Groundbreaking: Taking traffic underground

Go! Magazine

Tunnelposted on June 4, 2018

When it comes to groundbreaking ideas, you can count on Elon Musk to have one. The brilliant mind behind PayPal, SpaceX, Tesla, and SolarCity has a new idea, and this time, Musk aims to solve traffic congestion in cities like Los Angeles, California.

In a TED talk last year, Musk described traffic as “soul-destroying.” He hopes to alleviate congestion—and change the experience people are having in traffic—by creating a network of three-dimensional (3D) tunnels underground.

Musk’s idea is a 3D solution, because it alleviates traffic congestion by not building outward—with more roads or systems on the ground itself—but building downward and taking traffic to literally another level.

The problem: Traffic congestion

The “City of Angels,” as it’s called, is infamous for its rush hour traffic.

Freeway traffic in Los Angeles, California
Freeway traffic in Los Angeles, California. Photo from Wikipedia.

Drivers spend more time in rush hour traffic in Los Angeles than in any other city in the world, making it one of the most traffic-congested cities internationally. Over 80 percent of commuters choose to drive or carpool to work. This is, in part, because the city’s public transportation systems aren’t so practical.

Musk has given his answer to the problem, which includes establishing transportation networks that move people below the Earth’s surface, where there aren’t things like houses, parks, buildings, lakes, and rivers—things that shouldn’t have to be compromised to build more roads.

The solution: The Boring Company

It almost goes without saying that Musk is planning no ordinary transportation network: he’s planning a total transportation and highway revolution. The Boring Company is the company taking on the revolution, and it’s anything but “boring.”

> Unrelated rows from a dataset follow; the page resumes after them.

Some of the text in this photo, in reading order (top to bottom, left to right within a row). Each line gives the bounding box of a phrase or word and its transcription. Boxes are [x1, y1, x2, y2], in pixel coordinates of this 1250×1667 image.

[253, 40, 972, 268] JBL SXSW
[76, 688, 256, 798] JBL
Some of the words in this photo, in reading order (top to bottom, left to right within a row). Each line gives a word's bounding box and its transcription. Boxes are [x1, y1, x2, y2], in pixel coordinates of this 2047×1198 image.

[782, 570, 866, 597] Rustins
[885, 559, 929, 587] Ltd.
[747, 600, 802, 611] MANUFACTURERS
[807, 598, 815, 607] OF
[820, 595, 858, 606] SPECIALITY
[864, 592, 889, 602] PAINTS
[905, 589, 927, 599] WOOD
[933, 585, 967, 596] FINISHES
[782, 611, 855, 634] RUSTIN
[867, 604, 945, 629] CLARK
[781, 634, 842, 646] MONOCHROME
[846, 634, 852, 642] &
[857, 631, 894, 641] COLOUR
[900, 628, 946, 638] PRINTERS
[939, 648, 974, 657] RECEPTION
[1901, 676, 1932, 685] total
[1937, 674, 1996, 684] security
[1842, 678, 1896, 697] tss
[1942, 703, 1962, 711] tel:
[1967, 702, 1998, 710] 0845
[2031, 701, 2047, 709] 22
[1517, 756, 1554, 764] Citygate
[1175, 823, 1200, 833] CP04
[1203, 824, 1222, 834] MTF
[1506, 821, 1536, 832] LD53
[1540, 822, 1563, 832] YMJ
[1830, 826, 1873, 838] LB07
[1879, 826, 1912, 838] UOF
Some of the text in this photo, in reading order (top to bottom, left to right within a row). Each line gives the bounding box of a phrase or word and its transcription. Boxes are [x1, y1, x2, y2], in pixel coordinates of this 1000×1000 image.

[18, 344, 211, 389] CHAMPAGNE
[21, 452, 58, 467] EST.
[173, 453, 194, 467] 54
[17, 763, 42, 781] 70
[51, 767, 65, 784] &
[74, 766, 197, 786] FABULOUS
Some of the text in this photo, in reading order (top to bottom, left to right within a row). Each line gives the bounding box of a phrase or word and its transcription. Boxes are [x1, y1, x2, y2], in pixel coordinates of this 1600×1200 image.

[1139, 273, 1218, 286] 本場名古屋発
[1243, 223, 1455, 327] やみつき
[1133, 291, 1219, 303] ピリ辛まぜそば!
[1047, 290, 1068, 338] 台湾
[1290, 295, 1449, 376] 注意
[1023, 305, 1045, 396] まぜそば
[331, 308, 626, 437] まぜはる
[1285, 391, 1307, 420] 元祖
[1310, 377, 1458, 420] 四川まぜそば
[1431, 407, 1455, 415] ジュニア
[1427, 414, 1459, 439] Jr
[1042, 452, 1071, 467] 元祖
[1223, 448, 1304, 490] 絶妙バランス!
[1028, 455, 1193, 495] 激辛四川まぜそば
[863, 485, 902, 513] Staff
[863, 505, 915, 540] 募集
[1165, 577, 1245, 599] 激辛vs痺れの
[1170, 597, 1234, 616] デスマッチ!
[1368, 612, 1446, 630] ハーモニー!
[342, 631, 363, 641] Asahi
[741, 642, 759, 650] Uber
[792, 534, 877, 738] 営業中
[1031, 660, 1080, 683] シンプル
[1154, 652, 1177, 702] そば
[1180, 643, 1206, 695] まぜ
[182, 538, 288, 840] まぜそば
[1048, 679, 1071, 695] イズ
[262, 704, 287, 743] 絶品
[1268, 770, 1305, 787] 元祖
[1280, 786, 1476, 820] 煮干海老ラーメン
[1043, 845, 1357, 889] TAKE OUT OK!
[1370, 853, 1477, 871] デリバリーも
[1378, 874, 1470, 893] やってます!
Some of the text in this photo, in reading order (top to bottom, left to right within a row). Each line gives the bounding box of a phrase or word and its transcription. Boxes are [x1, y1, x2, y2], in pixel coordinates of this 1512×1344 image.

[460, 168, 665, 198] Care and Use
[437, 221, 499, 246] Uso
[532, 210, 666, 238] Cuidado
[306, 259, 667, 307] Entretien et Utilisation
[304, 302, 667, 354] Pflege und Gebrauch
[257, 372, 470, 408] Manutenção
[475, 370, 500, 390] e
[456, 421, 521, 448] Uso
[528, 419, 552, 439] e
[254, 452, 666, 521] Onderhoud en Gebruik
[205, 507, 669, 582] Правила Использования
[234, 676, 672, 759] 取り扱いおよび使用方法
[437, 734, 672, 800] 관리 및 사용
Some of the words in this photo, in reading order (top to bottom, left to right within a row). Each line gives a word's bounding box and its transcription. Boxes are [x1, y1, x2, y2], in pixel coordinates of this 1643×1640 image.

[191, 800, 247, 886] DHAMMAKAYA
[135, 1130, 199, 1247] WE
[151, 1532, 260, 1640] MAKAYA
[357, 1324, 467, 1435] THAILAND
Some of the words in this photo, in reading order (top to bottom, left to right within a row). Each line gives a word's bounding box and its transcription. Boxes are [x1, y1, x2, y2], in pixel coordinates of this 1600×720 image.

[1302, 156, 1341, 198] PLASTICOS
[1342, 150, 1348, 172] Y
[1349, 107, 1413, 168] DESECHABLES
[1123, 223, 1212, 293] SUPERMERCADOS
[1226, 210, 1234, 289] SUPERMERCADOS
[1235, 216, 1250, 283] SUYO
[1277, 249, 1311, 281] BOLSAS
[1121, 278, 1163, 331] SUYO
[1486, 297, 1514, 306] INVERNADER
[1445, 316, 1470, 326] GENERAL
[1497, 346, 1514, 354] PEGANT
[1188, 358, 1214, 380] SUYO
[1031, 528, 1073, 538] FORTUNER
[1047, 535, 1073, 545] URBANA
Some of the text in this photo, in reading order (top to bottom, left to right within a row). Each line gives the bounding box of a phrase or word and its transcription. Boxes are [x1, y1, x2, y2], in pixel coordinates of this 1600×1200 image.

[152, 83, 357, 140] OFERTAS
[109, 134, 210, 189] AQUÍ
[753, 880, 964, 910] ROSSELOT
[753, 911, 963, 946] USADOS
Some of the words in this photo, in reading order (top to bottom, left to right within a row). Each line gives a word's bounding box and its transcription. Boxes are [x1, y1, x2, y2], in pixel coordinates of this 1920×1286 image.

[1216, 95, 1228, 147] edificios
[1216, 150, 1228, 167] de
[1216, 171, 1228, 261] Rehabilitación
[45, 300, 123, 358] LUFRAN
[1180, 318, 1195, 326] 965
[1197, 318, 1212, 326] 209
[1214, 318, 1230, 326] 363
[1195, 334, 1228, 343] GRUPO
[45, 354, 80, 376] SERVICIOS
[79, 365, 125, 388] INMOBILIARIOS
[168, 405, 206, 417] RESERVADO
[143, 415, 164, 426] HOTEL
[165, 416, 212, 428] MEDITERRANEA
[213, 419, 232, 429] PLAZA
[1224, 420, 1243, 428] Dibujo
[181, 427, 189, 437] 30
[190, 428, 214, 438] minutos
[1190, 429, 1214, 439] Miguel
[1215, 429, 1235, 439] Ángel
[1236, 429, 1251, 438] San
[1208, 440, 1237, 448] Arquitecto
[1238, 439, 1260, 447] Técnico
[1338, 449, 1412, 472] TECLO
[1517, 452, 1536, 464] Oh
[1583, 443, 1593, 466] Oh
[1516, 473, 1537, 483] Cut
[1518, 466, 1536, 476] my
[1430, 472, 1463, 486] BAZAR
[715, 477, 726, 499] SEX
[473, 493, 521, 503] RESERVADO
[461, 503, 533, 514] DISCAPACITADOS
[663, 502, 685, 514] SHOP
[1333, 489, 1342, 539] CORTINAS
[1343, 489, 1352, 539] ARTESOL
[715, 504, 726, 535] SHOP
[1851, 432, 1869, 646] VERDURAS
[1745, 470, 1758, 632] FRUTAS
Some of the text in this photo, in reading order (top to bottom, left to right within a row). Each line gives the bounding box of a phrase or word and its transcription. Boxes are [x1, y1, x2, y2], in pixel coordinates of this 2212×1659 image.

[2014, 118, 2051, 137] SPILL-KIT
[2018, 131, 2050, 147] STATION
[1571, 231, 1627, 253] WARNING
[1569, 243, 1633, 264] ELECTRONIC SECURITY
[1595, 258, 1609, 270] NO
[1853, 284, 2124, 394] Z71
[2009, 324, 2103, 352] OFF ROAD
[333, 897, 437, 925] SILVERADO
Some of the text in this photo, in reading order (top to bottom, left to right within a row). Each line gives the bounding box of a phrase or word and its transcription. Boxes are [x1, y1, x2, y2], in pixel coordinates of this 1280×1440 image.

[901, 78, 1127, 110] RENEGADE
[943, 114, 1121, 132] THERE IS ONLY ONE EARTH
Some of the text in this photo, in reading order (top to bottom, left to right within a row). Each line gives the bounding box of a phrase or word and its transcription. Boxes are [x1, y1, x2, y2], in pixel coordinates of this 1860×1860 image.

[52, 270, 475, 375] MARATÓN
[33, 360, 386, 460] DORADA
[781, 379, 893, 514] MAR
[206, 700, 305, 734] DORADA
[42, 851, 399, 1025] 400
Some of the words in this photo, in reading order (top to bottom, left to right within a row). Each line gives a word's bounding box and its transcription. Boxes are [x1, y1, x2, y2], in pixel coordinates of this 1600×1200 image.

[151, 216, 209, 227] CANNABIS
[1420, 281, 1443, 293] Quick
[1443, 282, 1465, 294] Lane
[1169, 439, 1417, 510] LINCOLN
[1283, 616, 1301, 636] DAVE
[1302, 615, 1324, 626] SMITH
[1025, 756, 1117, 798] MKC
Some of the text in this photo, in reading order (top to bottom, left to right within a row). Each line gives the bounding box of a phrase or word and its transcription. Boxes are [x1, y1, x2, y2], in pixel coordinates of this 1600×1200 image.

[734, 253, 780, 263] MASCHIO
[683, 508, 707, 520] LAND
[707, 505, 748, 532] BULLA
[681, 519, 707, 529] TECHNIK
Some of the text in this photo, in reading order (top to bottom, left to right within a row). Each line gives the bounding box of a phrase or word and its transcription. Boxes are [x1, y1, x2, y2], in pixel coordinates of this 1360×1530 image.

The company, innovated by Musk, says on its website that a large network of tunnels would fix congestion in cities like Los Angeles. It is promising “fast to dig, low cost tunnels.” The benefit of tunnels, it says, is that there’s no limit to how many tunnels that can be built underground, whereas there is certainly a limit to building transportation networks on the surface.

Elon Musk giving his “boring” TED talk in 2017
Elon Musk giving his “boring” TED talk in 2017. Photo from Wikipedia.

The company also boasts that the tunnels will be weatherproof, won’t divide existing communities, and that their construction and operation would be “silent and invisible.” Such tunnels could one day be used for the proposed Hyperloop. See what we mean by transportation and highway revolution?

Combating costs

Often times, the argument against new transportation ideas is cost. Traditionally, boring tunnels underground, for things like subway networks, have been really expensive—costing as much as $1 billion per mile.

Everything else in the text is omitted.